Curry's first role after Rocky Horrors run on Broadway was in Stephen Frears's 1975 adaptation of Three Men in a Boat, scripted by Tom Stoppard. This collaboration led to Curry's return to the stage with Stoppard's Travesties, which ran in London and New York from 1975 to 1976. Travesties was a Broadway hit. It won two Tony Awards (Best Performance by an Actor for John Wood and Best Play), as well as the New York Drama Critics Circle Award (Best Play), and Curry's performance as the famous dadaist Tristan Tzara received good reviews.

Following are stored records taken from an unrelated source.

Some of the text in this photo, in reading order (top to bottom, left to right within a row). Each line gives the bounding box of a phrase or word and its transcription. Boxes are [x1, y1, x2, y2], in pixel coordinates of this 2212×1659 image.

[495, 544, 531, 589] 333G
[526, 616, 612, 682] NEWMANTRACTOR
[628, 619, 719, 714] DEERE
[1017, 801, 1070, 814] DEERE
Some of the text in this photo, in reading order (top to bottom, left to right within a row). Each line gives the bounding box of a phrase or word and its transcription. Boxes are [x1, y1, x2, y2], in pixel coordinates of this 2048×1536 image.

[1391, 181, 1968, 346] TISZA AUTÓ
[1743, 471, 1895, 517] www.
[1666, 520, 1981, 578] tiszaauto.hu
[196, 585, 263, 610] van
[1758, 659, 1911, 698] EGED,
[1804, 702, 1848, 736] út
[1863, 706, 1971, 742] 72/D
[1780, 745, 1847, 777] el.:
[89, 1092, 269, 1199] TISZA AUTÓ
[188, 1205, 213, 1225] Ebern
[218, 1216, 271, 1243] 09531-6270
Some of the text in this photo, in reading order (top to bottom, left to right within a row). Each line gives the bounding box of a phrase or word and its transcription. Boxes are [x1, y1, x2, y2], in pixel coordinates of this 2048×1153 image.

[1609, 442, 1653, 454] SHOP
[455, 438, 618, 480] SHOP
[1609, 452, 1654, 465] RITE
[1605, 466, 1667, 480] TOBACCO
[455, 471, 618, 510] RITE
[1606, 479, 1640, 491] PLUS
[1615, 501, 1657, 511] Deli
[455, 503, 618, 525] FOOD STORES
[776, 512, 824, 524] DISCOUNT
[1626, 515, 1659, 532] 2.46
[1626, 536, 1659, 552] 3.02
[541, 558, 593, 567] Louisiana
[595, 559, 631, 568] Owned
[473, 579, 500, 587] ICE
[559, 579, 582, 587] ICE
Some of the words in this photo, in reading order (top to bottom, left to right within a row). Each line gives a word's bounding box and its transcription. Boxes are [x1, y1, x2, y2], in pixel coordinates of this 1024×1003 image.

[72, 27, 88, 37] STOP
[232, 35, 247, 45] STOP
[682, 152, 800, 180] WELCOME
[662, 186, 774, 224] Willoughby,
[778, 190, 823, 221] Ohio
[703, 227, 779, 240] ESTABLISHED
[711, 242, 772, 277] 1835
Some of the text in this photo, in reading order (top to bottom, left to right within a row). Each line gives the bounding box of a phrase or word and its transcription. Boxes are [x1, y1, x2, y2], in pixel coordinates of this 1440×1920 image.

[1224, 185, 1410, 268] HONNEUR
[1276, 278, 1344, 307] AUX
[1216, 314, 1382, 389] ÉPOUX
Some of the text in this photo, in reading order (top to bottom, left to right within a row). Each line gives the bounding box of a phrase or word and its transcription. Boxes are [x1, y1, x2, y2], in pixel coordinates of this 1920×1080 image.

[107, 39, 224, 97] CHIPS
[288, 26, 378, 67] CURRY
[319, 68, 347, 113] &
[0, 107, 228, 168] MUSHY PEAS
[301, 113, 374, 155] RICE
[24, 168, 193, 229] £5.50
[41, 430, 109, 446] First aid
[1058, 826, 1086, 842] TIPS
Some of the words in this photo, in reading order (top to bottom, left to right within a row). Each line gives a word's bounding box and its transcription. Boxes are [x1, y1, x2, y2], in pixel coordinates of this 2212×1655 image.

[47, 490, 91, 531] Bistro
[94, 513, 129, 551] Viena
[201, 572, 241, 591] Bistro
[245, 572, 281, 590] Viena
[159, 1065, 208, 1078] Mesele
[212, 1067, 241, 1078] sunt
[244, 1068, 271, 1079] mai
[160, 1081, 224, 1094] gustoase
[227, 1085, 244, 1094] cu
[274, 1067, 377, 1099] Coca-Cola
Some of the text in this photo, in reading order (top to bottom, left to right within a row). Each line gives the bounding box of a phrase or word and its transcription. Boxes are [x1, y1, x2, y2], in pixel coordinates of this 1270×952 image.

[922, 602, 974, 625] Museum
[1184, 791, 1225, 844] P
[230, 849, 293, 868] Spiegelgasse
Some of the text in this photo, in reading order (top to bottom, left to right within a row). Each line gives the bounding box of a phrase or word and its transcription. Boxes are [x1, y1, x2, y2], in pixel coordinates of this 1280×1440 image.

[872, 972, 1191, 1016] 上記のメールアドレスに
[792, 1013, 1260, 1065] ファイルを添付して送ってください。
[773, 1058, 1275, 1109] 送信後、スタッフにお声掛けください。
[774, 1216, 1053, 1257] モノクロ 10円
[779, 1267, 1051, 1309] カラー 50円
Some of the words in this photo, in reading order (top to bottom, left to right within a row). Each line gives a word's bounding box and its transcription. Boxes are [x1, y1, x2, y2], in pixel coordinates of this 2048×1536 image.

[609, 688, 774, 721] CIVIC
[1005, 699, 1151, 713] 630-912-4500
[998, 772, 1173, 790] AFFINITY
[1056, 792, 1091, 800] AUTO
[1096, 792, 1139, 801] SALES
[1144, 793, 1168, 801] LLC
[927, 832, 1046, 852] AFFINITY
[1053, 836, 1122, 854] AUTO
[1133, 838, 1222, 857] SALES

Around this time, Curry launched his solo musical artist career. Curry received classical vocal training as a boy. He mentioned that his musical influences included jazz vocalists such as Billie Holiday and Louis Armstrong, and he idolised The Beatles and The Rolling Stones as a teenager. He first recorded a nine-track album for Ode Records in 1976. However, the album remained unreleased in its entirety until February 2010, when it was made available as a legal download entitled ...From the Vaults. The album, produced by Lou Adler, included Curry's rendition of the Supremes' hit "Baby Love". In 1978, A&M Records released Curry's official debut solo album Read My Lips. The album featured an eclectic range of songs (mostly covers) performed in diverse genres. Highlights of the album are a reggae version of the Beatles' song "I Will," a rendition of "Wake Nicodemus" featuring the Pipes and Drums of the 48th Highlanders of Canada, and a barroom ballad, "Alan", composed by Canadian singer-songwriter Tony Kosinec. The following year, Curry released his second and most successful album Fearless. The LP was more rock-oriented than Read My Lips and mostly featured original songs rather than cover versions. The album included Curry's only US Billboard Hot 100 charting song: "I Do the Rock". Curry toured North America and some European countries with his band between 1978 and 1980. Curry's third album, Simplicity, was released in 1981, again by A&M Records. This record, which did not sell as well as the previous offerings, combined both original songs and cover versions. Still, it was the only Curry recording to hit the charts in Canada, reaching number 45 on the album chart.

In 1980, Curry formed part of the original cast in Peter Hall's Broadway production of Peter Shaffer's Amadeus, playing the title character, Wolfgang Amadeus Mozart. Curry was nominated for his first Tony Award (Best Performance by a Leading Actor in a Play) for this role but lost out to his co-star Ian McKellen, who played Antonio Salieri. In 1982, Curry returned to the London stage to play the Pirate King in the Drury Lane production of Joe Papp's version of Gilbert and Sullivan's The Pirates of Penzance opposite George Cole and Pamela Stephenson, earning enthusiastic reviews. In 1983, Curry performed in The Rivals at the Royal National Theatre of Great Britain, alongside Michael Hordern, Geraldine McEwan, Anne Louise Lambert, and Fiona Shaw. From 1985 to 1986 he performed at the National as Macheath in The Threepenny Opera, in Stoppard's Dalliance, and Love For Love. All four National productions were directed by his Travesties director Peter Wood.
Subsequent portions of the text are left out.